There are many things to consider when choosing your cake: what do you want your caterpillar to look like? Should it have a chocolate or icing face and feet? Should it have ridges? Dolly mixture? Sprinkles? Do you want the filling chocolate or raspberry filling?
Let's consider price. There are two price points: the upmarket Waitrose and M&S who sell caterpillars for an extortionate £7 a cake compared to £6 from the other supermarkets. Our tasters were split in the higher price category. There were the traditionalists who believed that you can't beat a Colin, those who liked that cheeky raspberry flavour of Connie but Waitrose's Cecil pulled out slightly in front. It was certainly an excellent cake and well worth the extra £1, as long as you were willing to overlook his sleek design.
In the lower price category, Wiggles is the most Colin-like of all cakes. Not only do they look very similar but they taste nearly exactly the same. If you're looking to save a bit of dough on your cake, choose Wiggles from Sainsbury's can't taste the difference range.
The most liked of the lower price category was Morrison's Celebration Cake, presumably cheaper because they skimped on the name. Although some objected to the dolly mixture topping, the cake and filling were widely praised. It was certainly the tastiest of the cheaper range.
Asda's criminal pair of pillars Bonnie and Clyde did not fair particularly well in the rankings. Their decoration was described as 'terrifying' but their cake reasonable.

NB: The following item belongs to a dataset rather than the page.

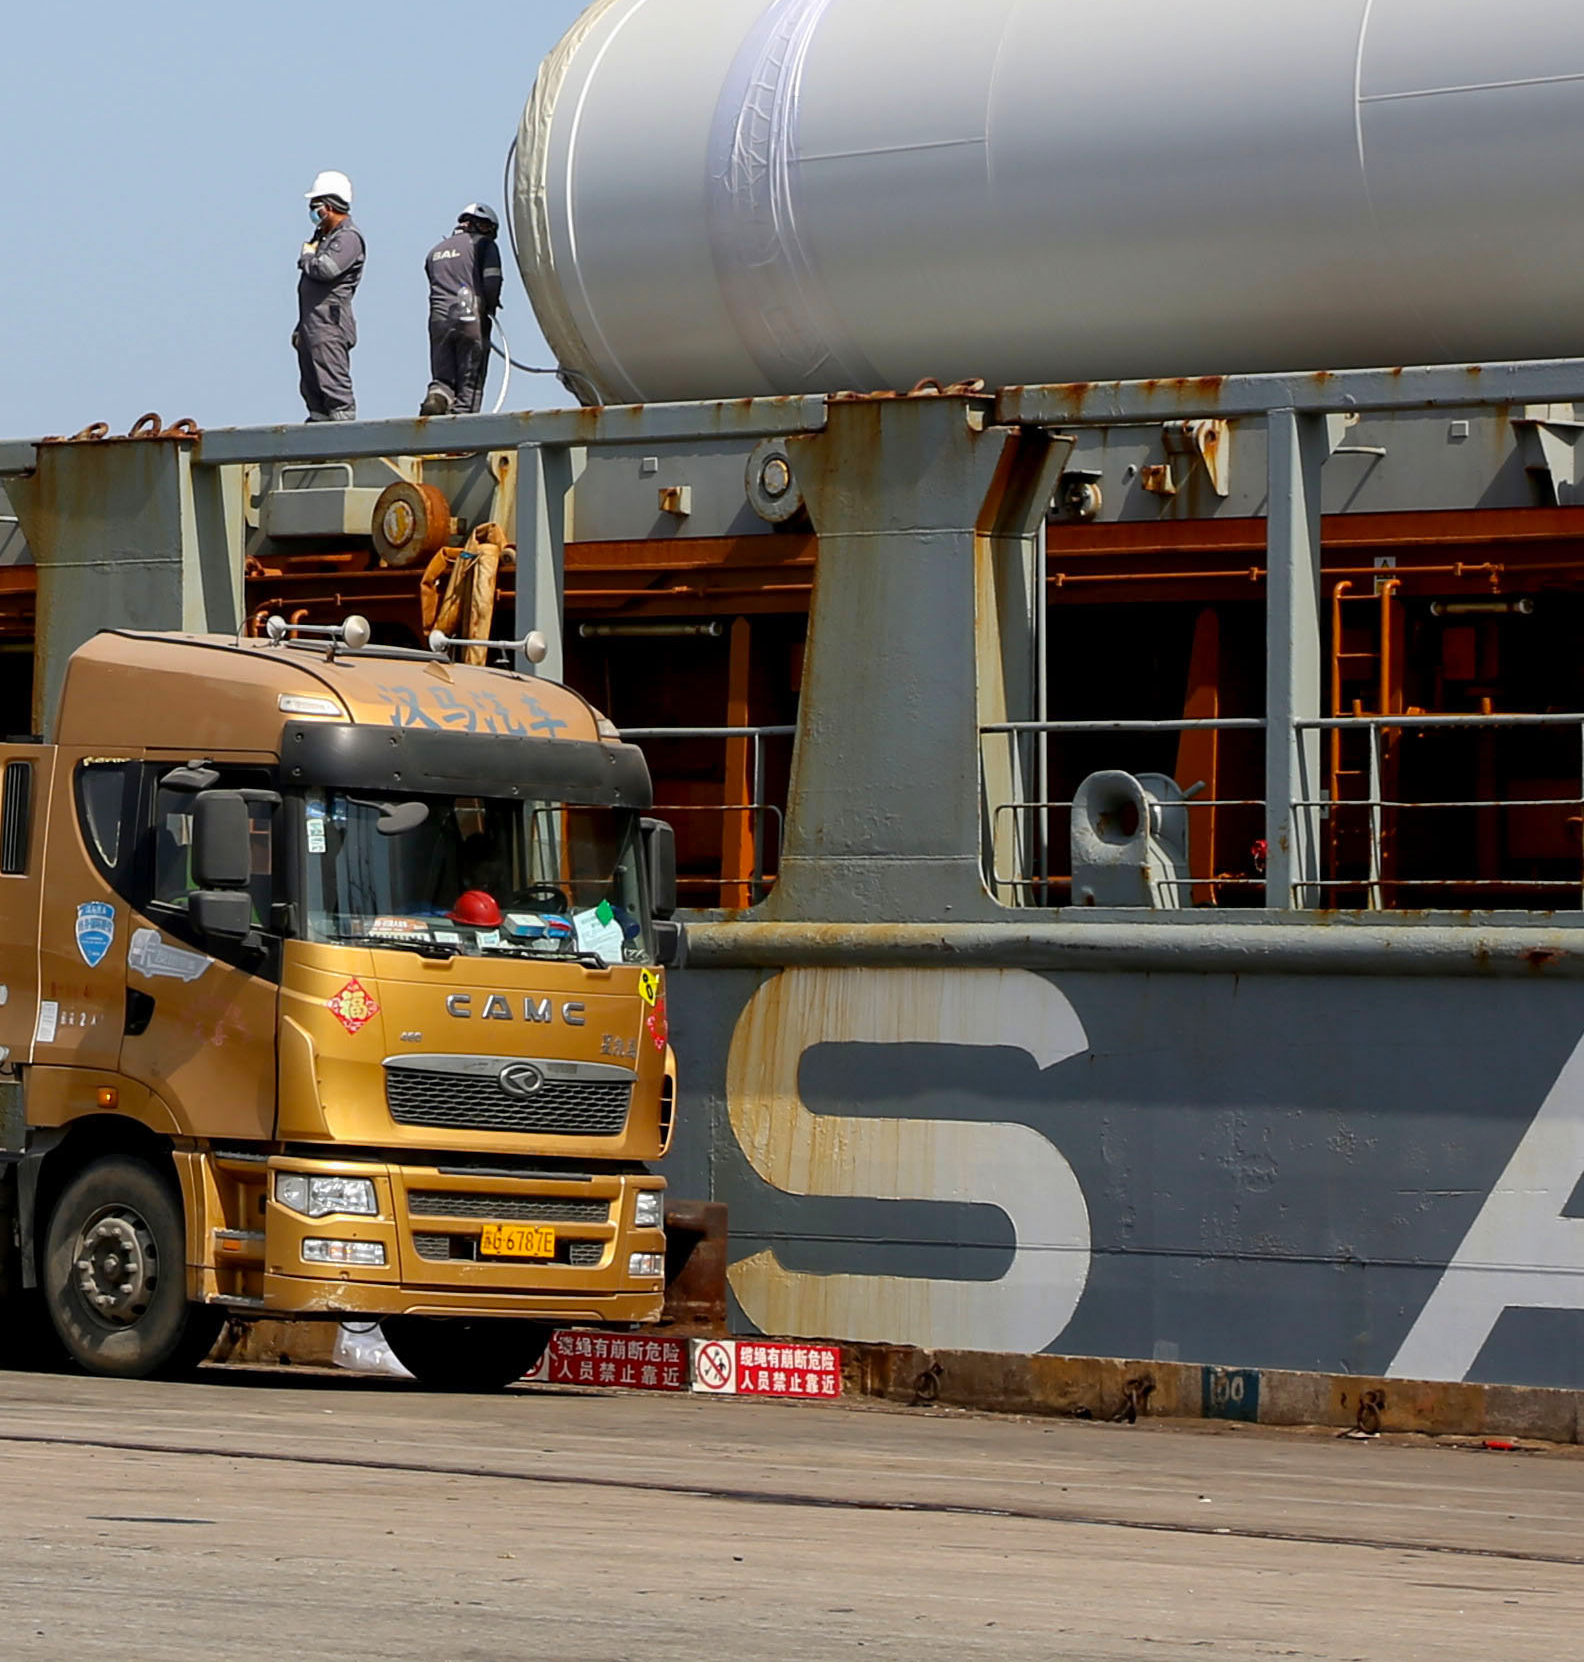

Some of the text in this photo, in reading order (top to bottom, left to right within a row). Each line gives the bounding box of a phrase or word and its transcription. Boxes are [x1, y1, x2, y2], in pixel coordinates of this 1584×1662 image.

While there was no clear winner among the caterpillars, there was certainly a loser: Carl, Tesco's Free-From cake was slated by the critics with the kindest thing being said, "It's not as bad as I expected considering it didn't have any real ingredients" alongside the damming, "It feels like I'm eating an ashtray". Not only is Carl not caterpillar shaped (presumably it's hard to make a swiss roll without gluten) nor is he covered in chocolate. It reminded us that a childhood plagued by allergies is a very raw deal.
There was one thing that everyone agreed on: that M&S's mini Colins were an excellent treat. Their high chocolate to cake ratio and cute expressions won the hearts of all the tasters. And you don't have to slice them.
You rip what you sew!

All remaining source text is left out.